As I happen to find myself between projects in these last few days before the official start, I've gotten a jump on things and finished the knitting portion of a pillow cover. This particular project started it's life as a woefully complicated entrelac purse. The YSO who was teaching the class picked it as the project for a beginners class on entrelac. It involved 2 different stitch patterns for the entrelac pieces, increasing and decreasing in those 2 different patterns while working the entrelac to form a hobo-bag shape, and I picked a boucle (Patons Canadiana Boucle, 97% acrylic/3% Nylon in color 7078) as my contrast yarn so the stitch pattern in those levels were next to impossible to keep track of anyway. While teaching the class, the YSO kept getting up to help customers, and for some reason my class members kept asking me for help, so I had very little chance to make progress in the class as it was. By the time I got home, I had decided a few things:
1. The boucle was way too stretchy on its own.
2. The stitch patterns were making everything way to complicated.
3. The stitch patterns in the boucle were impossible to see.
4. Turning the project every 9 stitches was insanely annoying.
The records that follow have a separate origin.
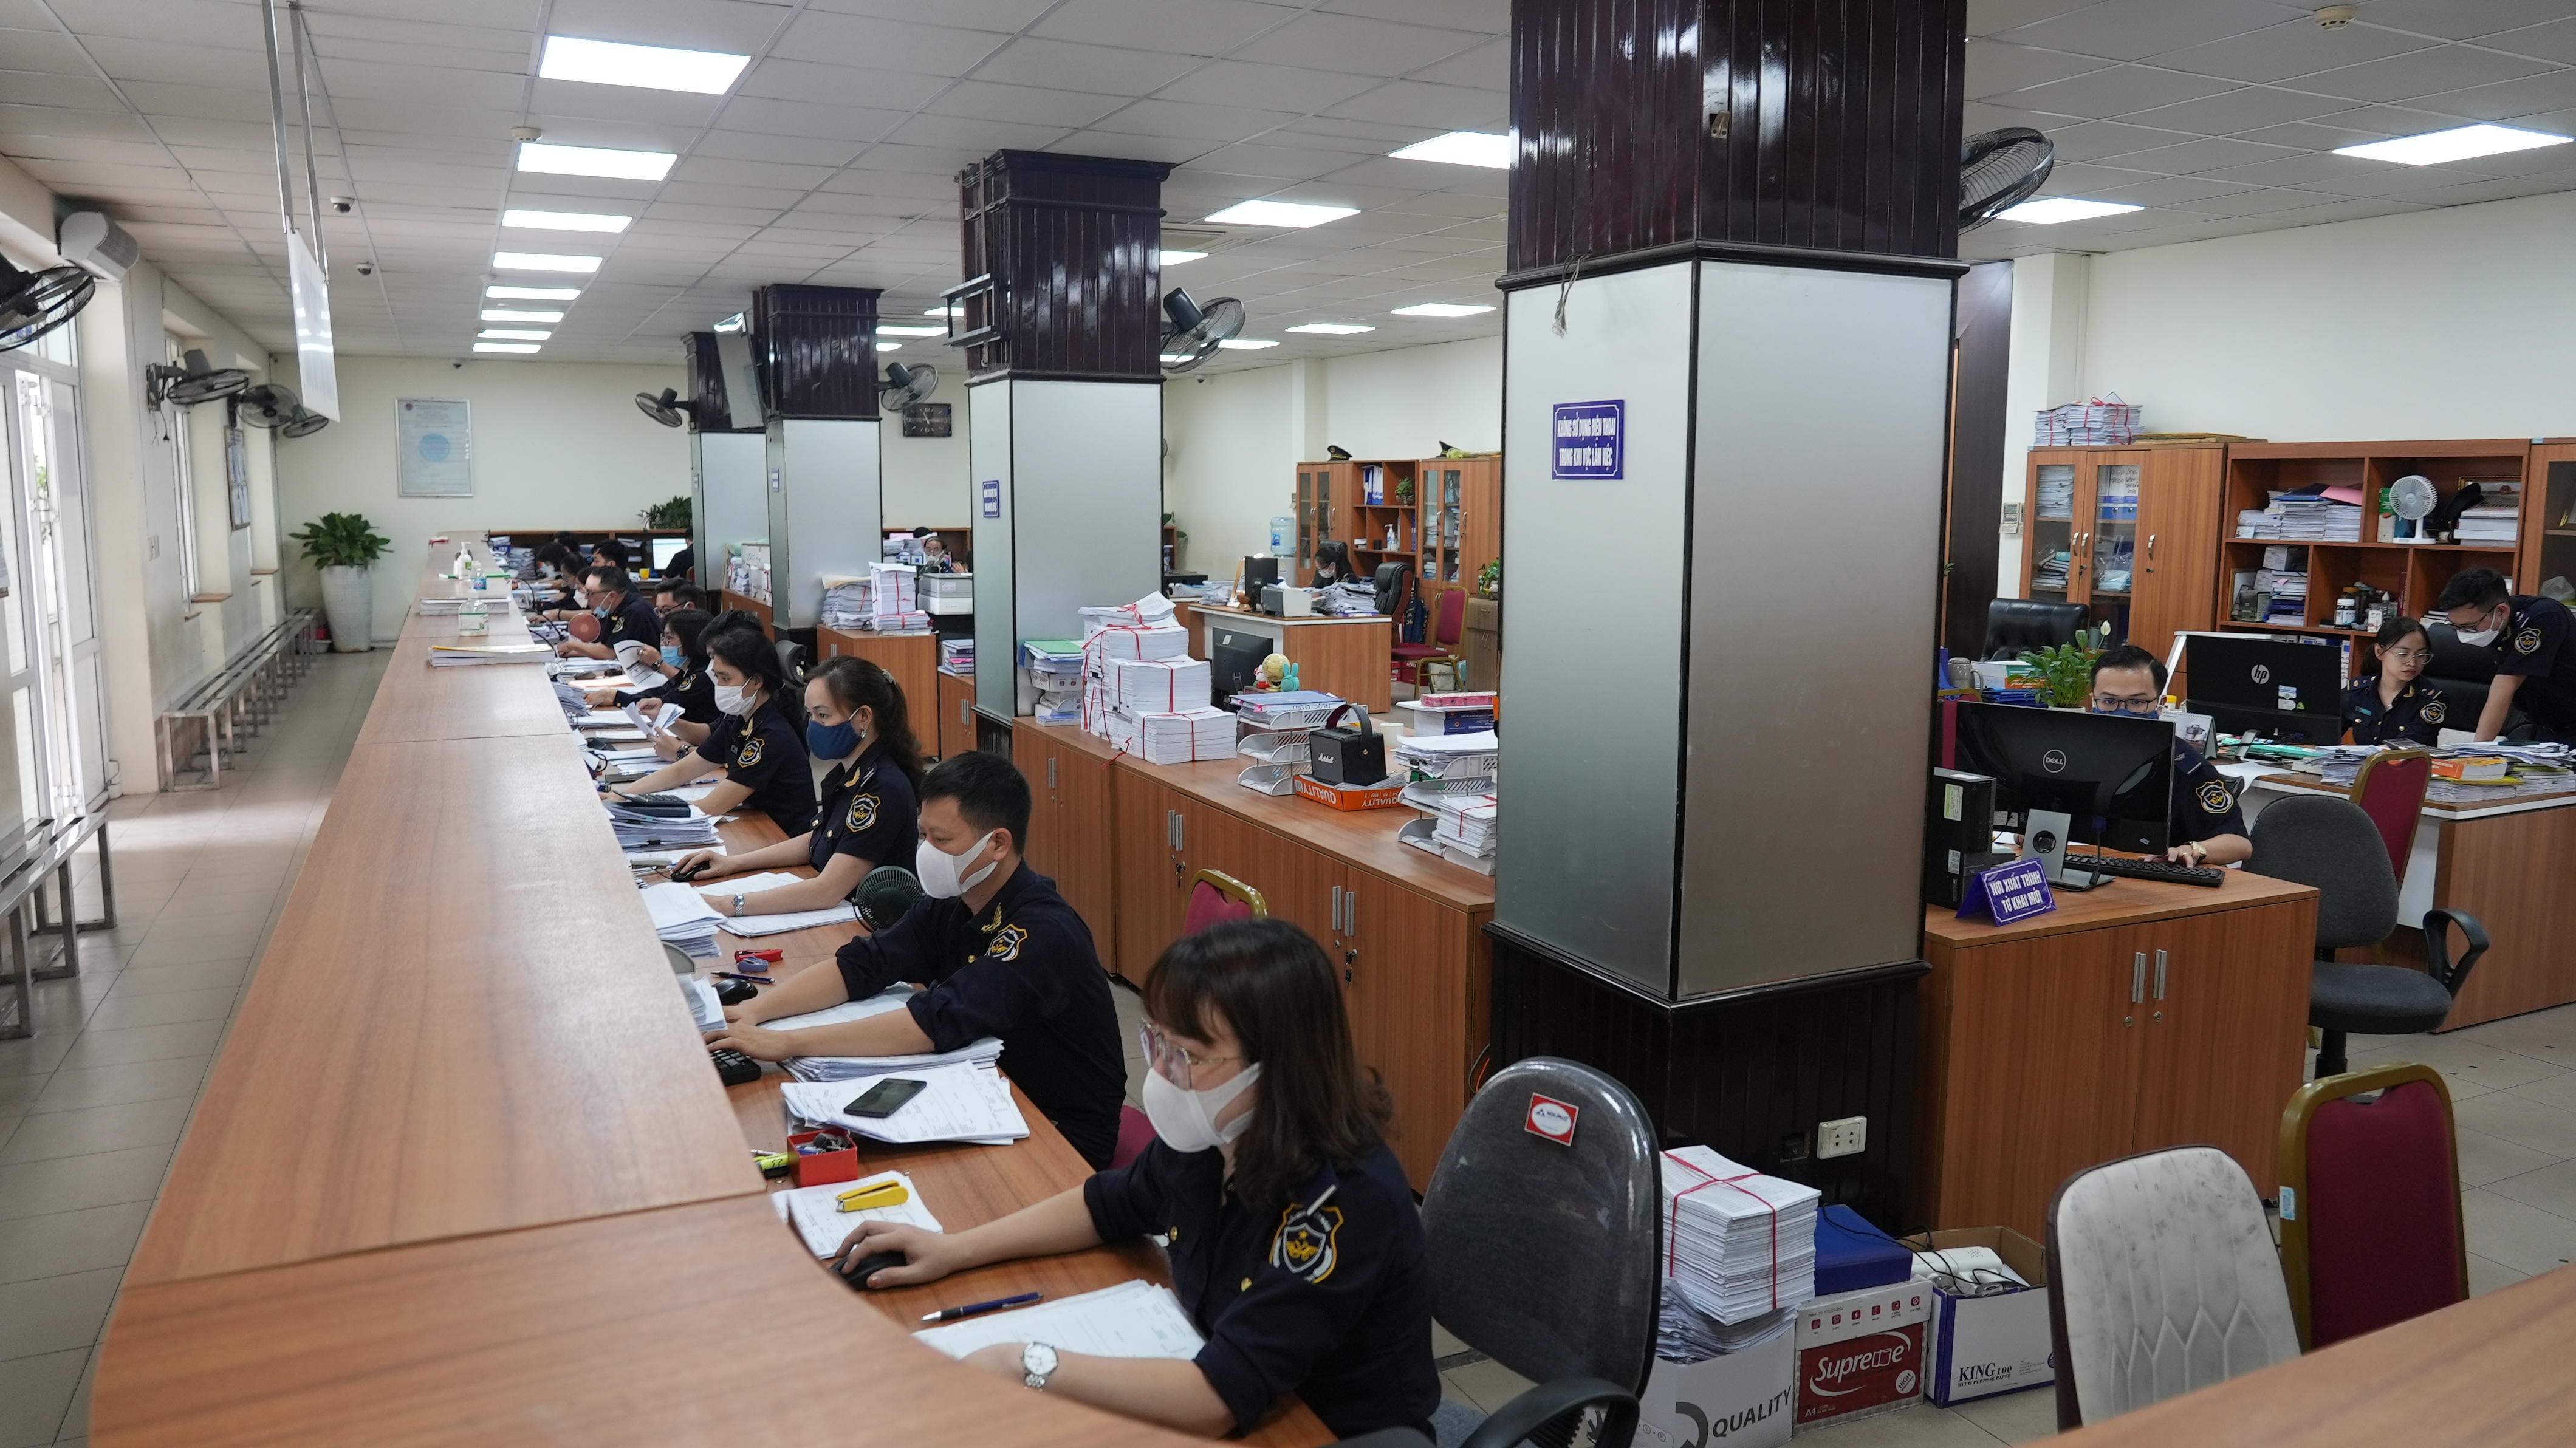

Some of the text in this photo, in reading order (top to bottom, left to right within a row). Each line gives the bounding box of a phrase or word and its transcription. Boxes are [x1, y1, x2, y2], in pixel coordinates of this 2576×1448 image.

[1559, 448, 1572, 466] TRONG
[1573, 448, 1583, 466] KHU
[2253, 664, 2267, 685] hp
[1303, 782, 1337, 804] QUALITY
[1362, 796, 1398, 807] QUALITY
[1990, 870, 2043, 896] NƠI XUẤT TRÌNH
[2001, 887, 2043, 914] TỜ KHAI MỚI
[1898, 1372, 1911, 1389] HIGH
[1959, 1362, 1995, 1382] KING
[1997, 1365, 2012, 1375] 100
[1973, 1376, 1995, 1385] PURPOSE
[1713, 1385, 1792, 1438] QUALITY
[1804, 1407, 1817, 1418] A4
So, I decided to rip back and start over. Only the boucle was such a pain that I could only rip back so much before I finally just cut the yarn and threw away the bottom level and a half of the project. When I restarted, I ran a thread of black size 20 crochet cotton with the boucle to give it more stability. Also, I threw the stitch patterns out the window and just went with stockinet. And, now that I'd changed over to stockinet, I looked up a video on how to knit backwards so I wouldn't have to turn the project constantly. I finished one half of the bag and set it aside for months while I took on other projects that weren't the fiber equivalent of dealing with a bloated government beurocracy. When I finally picked it up again, I discovered the final, and ultimately project-killing, point:
5. I really, really didn't like it.
The increasing and decreasing were still an annoyance, but I could live with that with the other modifications I made. But the bag itself? It's shape and construction? I just didn't like it. And I didn't know anyone who would like it. When I looked at the photo that came with the pattern, it just said "60-year-old phD candidate with an unhealthy obsession with India." I couldn't think of a single person in my life who would enjoy the bag. So even though I was more than half done, I frogged it all back again.
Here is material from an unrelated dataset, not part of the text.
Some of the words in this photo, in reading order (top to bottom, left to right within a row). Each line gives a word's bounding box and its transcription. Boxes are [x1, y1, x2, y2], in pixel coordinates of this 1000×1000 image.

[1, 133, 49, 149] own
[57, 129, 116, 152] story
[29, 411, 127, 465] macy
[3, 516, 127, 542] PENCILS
This time, I decided to just go square. There was one row of the original pattern that didn't involve any increasing or decreasing, and from that row and the directions for the starting and ending rows of triangles, I was able to extrapolate how to get straight-sided entrelac to work. And, hey, it did! I managed to get a square done relatively quickly. However, due to all the cutting and frogging and throwing-out of unfrogable pieces, I was going to be tight on how much yarn I would have left. When I started this final reattempt, I was thinking I'd do a small tote bag. But in the end I decided to do a pillow cover. So, using the main color (The Leader, 100% acrylic, color 601) I knit a 2-piece stockinet backing. The smaller of the 2 pieces has a garter edge with button holes. When it's all sewed in place, I'll be able to open it up to remove the pillow form for washing. A plus, given the 2 toddlers who roam wild and free in our house.
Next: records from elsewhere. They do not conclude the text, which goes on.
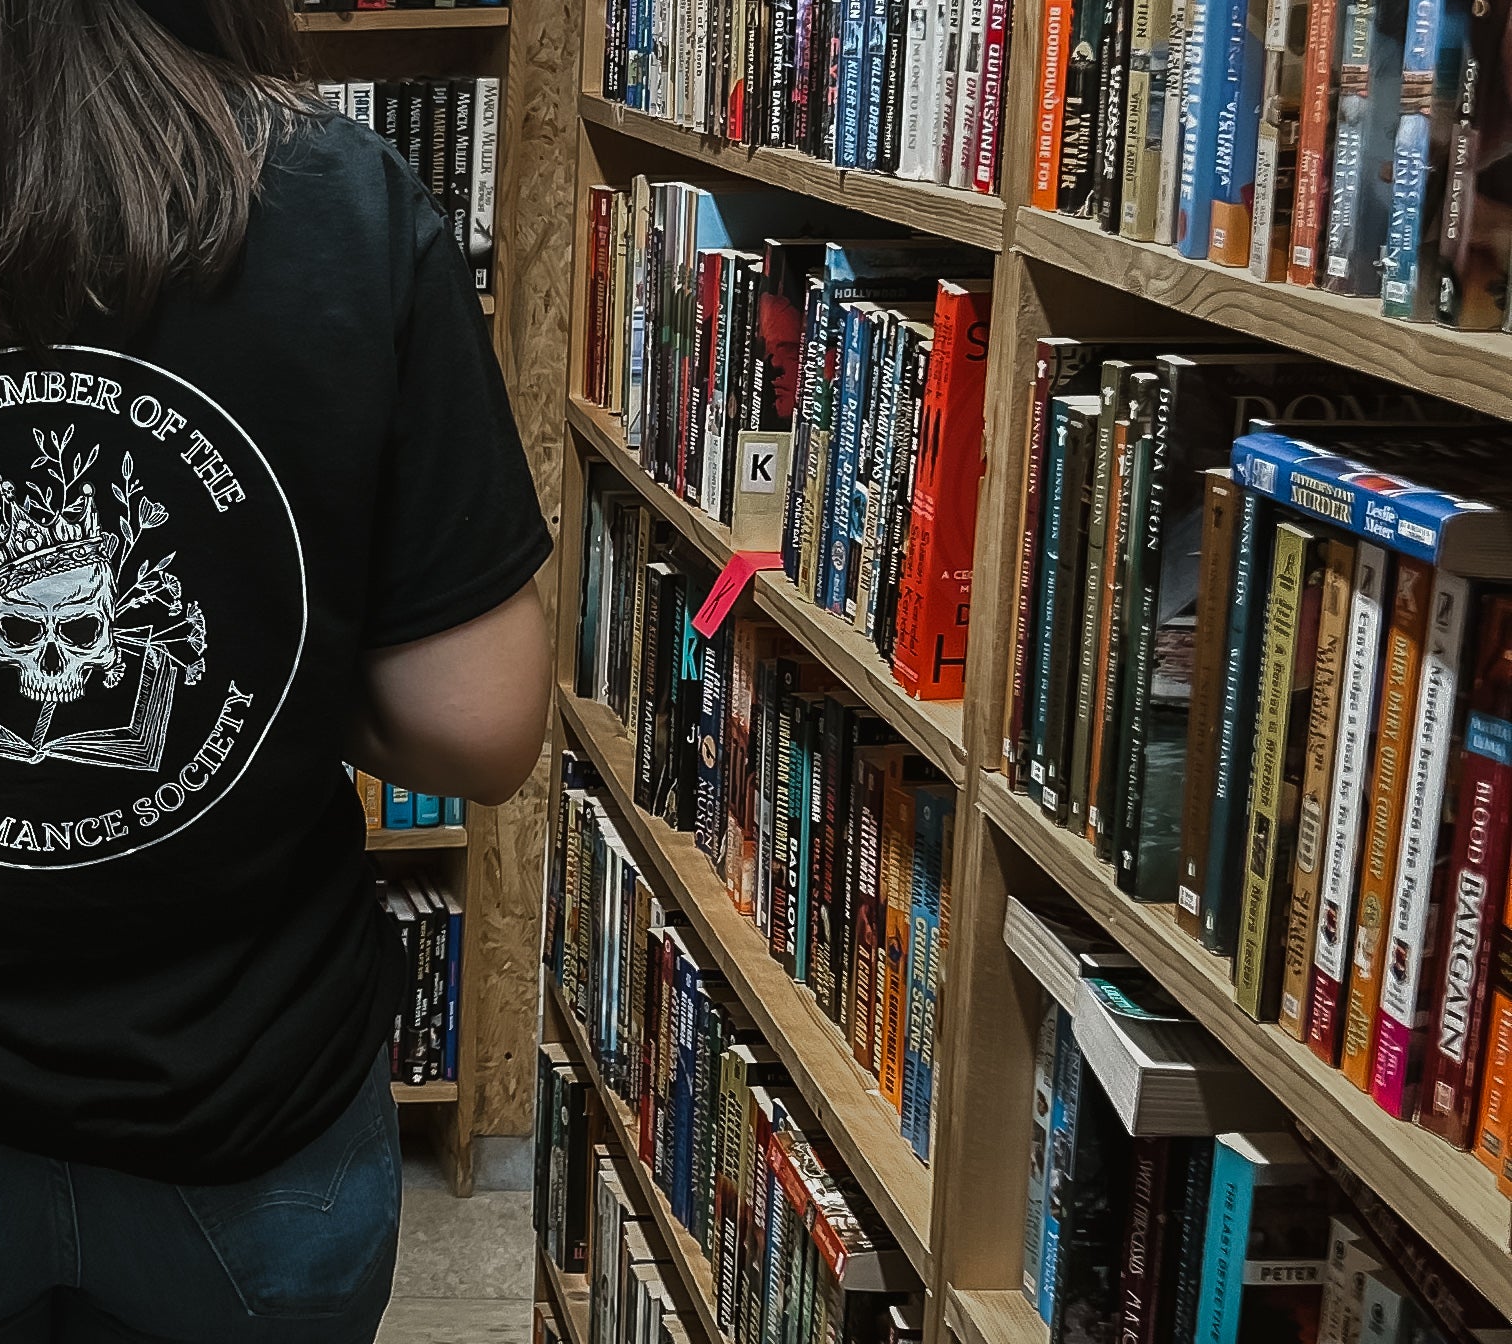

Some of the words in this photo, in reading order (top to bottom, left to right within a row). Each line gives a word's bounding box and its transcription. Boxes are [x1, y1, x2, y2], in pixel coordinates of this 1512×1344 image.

[846, 60, 859, 104] KILLER
[1042, 7, 1061, 109] BLOODHOUND
[843, 107, 857, 161] DREAMS
[977, 42, 1002, 167] QUICKSAND
[1041, 113, 1053, 131] TO
[1037, 163, 1049, 190] FOR
[1039, 135, 1051, 160] DIE
[130, 395, 187, 441] OF
[180, 429, 246, 513] THE
[1152, 388, 1170, 473] DONNA
[751, 453, 772, 481] K
[1147, 483, 1163, 551] LEON
[132, 680, 254, 826] SOCIETY
[1376, 746, 1397, 790] QUITE
[1368, 795, 1391, 881] CONTRARY
[1466, 781, 1492, 864] BLOOD
[912, 917, 926, 986] CRIME
[1438, 871, 1486, 1063] BARGAIN
[909, 988, 924, 1053] SCENE
[1223, 1181, 1236, 1210] THE
[1219, 1216, 1234, 1256] LAST
[1209, 1258, 1229, 1343] DETECTIVE
In my new-project frenzy, I finished the front and the larger back piece and left the smaller back piece with 2 inches left to be knit. And there it sat. So, last night, I picked it up again and finished the knitting. I have about 3/4 of a yard left of the acrylic, so it's all going to have to be sewn together on the machine or by hand. But all the bits are done for now and I'm sure it will sit undisturbed for several more days until the UFO-busting knitathon is well underway and I have nothing else to do but weave in ends and assemble pieces.